▶ **How to complete this task**: Set down each record below precisely, skipping the pictures.
====== Data extracts ======
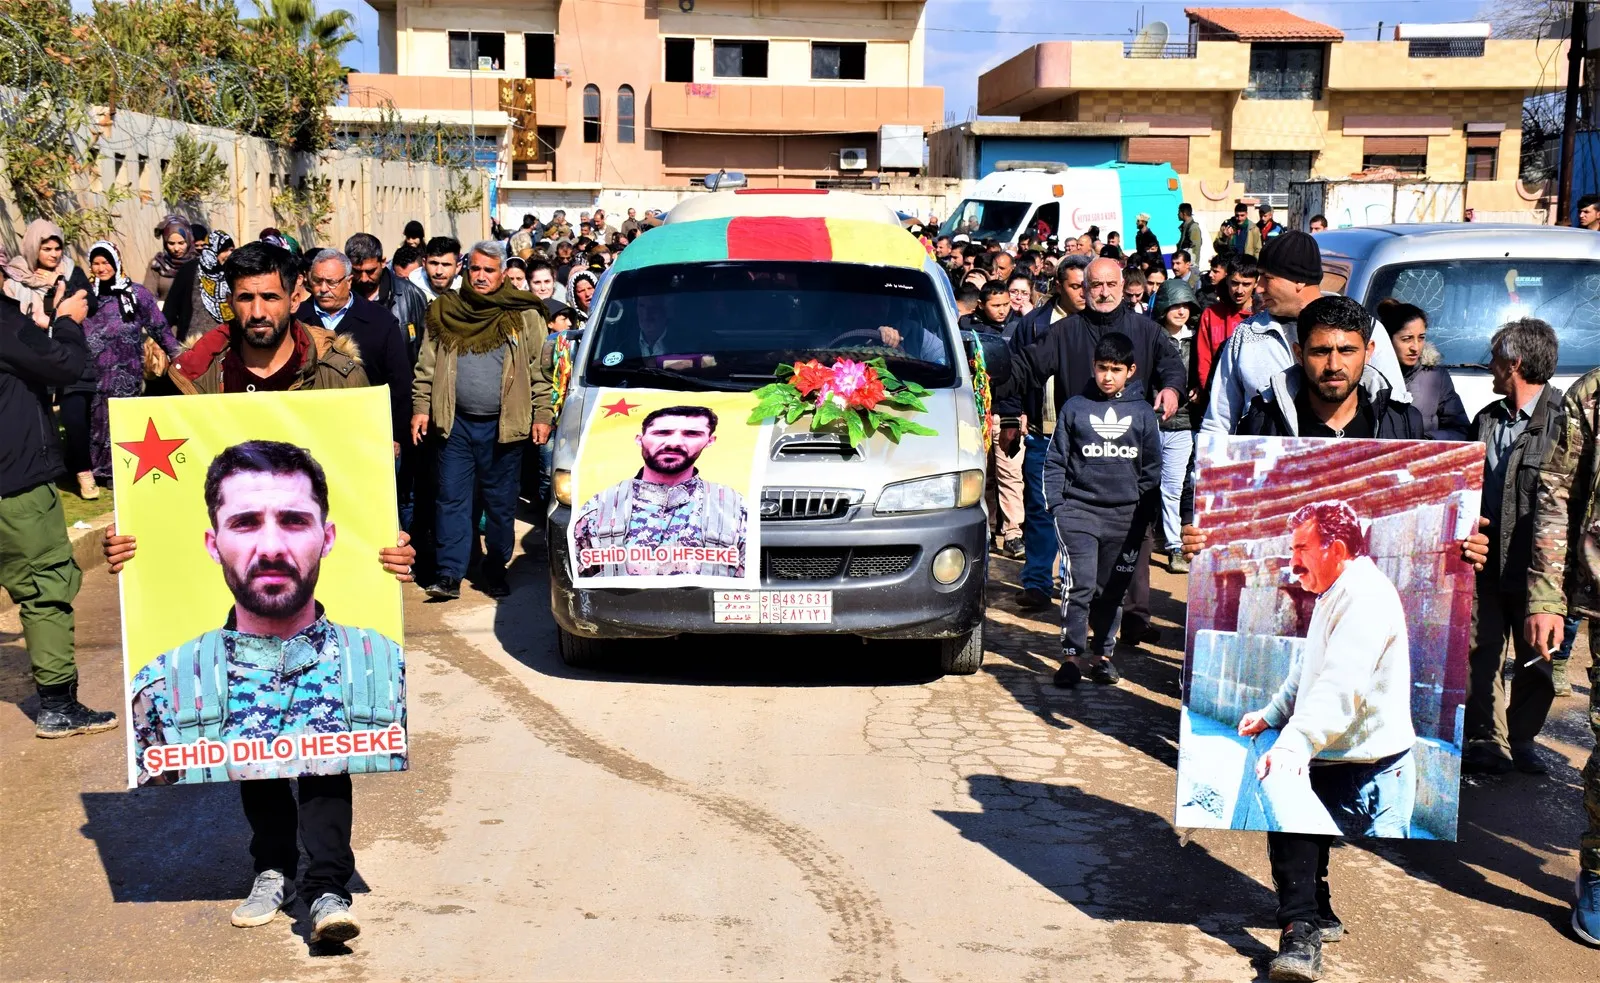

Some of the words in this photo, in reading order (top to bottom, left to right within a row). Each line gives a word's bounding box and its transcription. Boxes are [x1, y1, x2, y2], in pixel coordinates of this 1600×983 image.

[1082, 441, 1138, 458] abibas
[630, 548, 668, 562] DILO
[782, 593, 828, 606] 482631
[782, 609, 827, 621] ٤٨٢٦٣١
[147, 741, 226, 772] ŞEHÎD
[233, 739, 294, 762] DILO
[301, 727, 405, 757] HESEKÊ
======
▶ **Result below**:
Some of the words in this photo, in reading order (top to bottom, left to right within a row). Each line gives a word's bounding box and its transcription. Boxes are [x1, y1, x2, y2], in pixel coordinates of this 1600×983 image.

[1082, 441, 1138, 458] abibas
[630, 548, 668, 562] DILO
[782, 593, 828, 606] 482631
[782, 609, 827, 621] ٤٨٢٦٣١
[147, 741, 226, 772] ŞEHÎD
[233, 739, 294, 762] DILO
[301, 727, 405, 757] HESEKÊ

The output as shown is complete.